*Problem:* The data should be restated word for word, in full.

*Exercise input:*
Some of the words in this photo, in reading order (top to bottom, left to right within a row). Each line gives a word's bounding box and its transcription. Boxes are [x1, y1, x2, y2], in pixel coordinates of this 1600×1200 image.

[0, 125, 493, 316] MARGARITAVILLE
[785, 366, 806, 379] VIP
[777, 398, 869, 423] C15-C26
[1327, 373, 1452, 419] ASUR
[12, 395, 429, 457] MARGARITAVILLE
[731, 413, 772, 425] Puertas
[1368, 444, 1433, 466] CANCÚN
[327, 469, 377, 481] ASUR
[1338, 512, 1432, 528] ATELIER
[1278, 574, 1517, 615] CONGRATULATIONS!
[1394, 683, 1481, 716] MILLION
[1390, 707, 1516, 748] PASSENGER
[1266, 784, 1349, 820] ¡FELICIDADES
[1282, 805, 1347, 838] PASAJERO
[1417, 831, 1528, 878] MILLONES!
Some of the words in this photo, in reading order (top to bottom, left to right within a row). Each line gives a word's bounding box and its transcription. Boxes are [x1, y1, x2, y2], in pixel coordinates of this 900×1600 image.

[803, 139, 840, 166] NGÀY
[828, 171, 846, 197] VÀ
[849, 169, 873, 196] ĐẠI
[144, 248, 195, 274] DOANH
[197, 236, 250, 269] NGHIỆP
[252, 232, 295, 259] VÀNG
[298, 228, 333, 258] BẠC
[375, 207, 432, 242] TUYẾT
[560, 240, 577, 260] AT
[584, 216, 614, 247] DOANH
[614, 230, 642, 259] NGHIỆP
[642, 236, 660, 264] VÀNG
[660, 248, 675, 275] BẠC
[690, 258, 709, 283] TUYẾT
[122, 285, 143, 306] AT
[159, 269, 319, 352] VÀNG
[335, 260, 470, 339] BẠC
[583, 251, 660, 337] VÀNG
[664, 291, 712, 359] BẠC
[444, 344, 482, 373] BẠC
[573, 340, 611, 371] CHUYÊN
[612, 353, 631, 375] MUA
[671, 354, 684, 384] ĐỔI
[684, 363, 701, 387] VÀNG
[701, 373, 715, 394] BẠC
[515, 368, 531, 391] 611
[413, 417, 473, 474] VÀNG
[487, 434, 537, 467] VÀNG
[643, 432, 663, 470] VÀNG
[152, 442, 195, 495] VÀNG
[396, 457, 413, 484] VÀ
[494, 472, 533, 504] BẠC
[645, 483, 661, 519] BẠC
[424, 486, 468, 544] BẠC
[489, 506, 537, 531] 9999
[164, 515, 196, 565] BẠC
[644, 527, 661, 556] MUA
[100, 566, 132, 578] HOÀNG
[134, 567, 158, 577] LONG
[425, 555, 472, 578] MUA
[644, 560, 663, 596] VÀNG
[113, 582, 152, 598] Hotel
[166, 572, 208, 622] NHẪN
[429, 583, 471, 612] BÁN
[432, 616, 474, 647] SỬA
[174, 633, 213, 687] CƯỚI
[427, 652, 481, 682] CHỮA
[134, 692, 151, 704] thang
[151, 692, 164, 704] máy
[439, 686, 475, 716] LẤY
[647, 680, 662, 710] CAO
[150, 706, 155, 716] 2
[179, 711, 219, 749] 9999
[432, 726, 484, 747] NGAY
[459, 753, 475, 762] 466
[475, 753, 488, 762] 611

*Answer below:*
Some of the words in this photo, in reading order (top to bottom, left to right within a row). Each line gives a word's bounding box and its transcription. Boxes are [x1, y1, x2, y2], in pixel coordinates of this 1600×1200 image.

[0, 125, 493, 316] MARGARITAVILLE
[785, 366, 806, 379] VIP
[777, 398, 869, 423] C15-C26
[1327, 373, 1452, 419] ASUR
[12, 395, 429, 457] MARGARITAVILLE
[731, 413, 772, 425] Puertas
[1368, 444, 1433, 466] CANCÚN
[327, 469, 377, 481] ASUR
[1338, 512, 1432, 528] ATELIER
[1278, 574, 1517, 615] CONGRATULATIONS!
[1394, 683, 1481, 716] MILLION
[1390, 707, 1516, 748] PASSENGER
[1266, 784, 1349, 820] ¡FELICIDADES
[1282, 805, 1347, 838] PASAJERO
[1417, 831, 1528, 878] MILLONES!
Some of the words in this photo, in reading order (top to bottom, left to right within a row). Each line gives a word's bounding box and its transcription. Boxes are [x1, y1, x2, y2], in pixel coordinates of this 900×1600 image.

[803, 139, 840, 166] NGÀY
[828, 171, 846, 197] VÀ
[849, 169, 873, 196] ĐẠI
[144, 248, 195, 274] DOANH
[197, 236, 250, 269] NGHIỆP
[252, 232, 295, 259] VÀNG
[298, 228, 333, 258] BẠC
[375, 207, 432, 242] TUYẾT
[560, 240, 577, 260] AT
[584, 216, 614, 247] DOANH
[614, 230, 642, 259] NGHIỆP
[642, 236, 660, 264] VÀNG
[660, 248, 675, 275] BẠC
[690, 258, 709, 283] TUYẾT
[122, 285, 143, 306] AT
[159, 269, 319, 352] VÀNG
[335, 260, 470, 339] BẠC
[583, 251, 660, 337] VÀNG
[664, 291, 712, 359] BẠC
[444, 344, 482, 373] BẠC
[573, 340, 611, 371] CHUYÊN
[612, 353, 631, 375] MUA
[671, 354, 684, 384] ĐỔI
[684, 363, 701, 387] VÀNG
[701, 373, 715, 394] BẠC
[515, 368, 531, 391] 611
[413, 417, 473, 474] VÀNG
[487, 434, 537, 467] VÀNG
[643, 432, 663, 470] VÀNG
[152, 442, 195, 495] VÀNG
[396, 457, 413, 484] VÀ
[494, 472, 533, 504] BẠC
[645, 483, 661, 519] BẠC
[424, 486, 468, 544] BẠC
[489, 506, 537, 531] 9999
[164, 515, 196, 565] BẠC
[644, 527, 661, 556] MUA
[100, 566, 132, 578] HOÀNG
[134, 567, 158, 577] LONG
[425, 555, 472, 578] MUA
[644, 560, 663, 596] VÀNG
[113, 582, 152, 598] Hotel
[166, 572, 208, 622] NHẪN
[429, 583, 471, 612] BÁN
[432, 616, 474, 647] SỬA
[174, 633, 213, 687] CƯỚI
[427, 652, 481, 682] CHỮA
[134, 692, 151, 704] thang
[151, 692, 164, 704] máy
[439, 686, 475, 716] LẤY
[647, 680, 662, 710] CAO
[150, 706, 155, 716] 2
[179, 711, 219, 749] 9999
[432, 726, 484, 747] NGAY
[459, 753, 475, 762] 466
[475, 753, 488, 762] 611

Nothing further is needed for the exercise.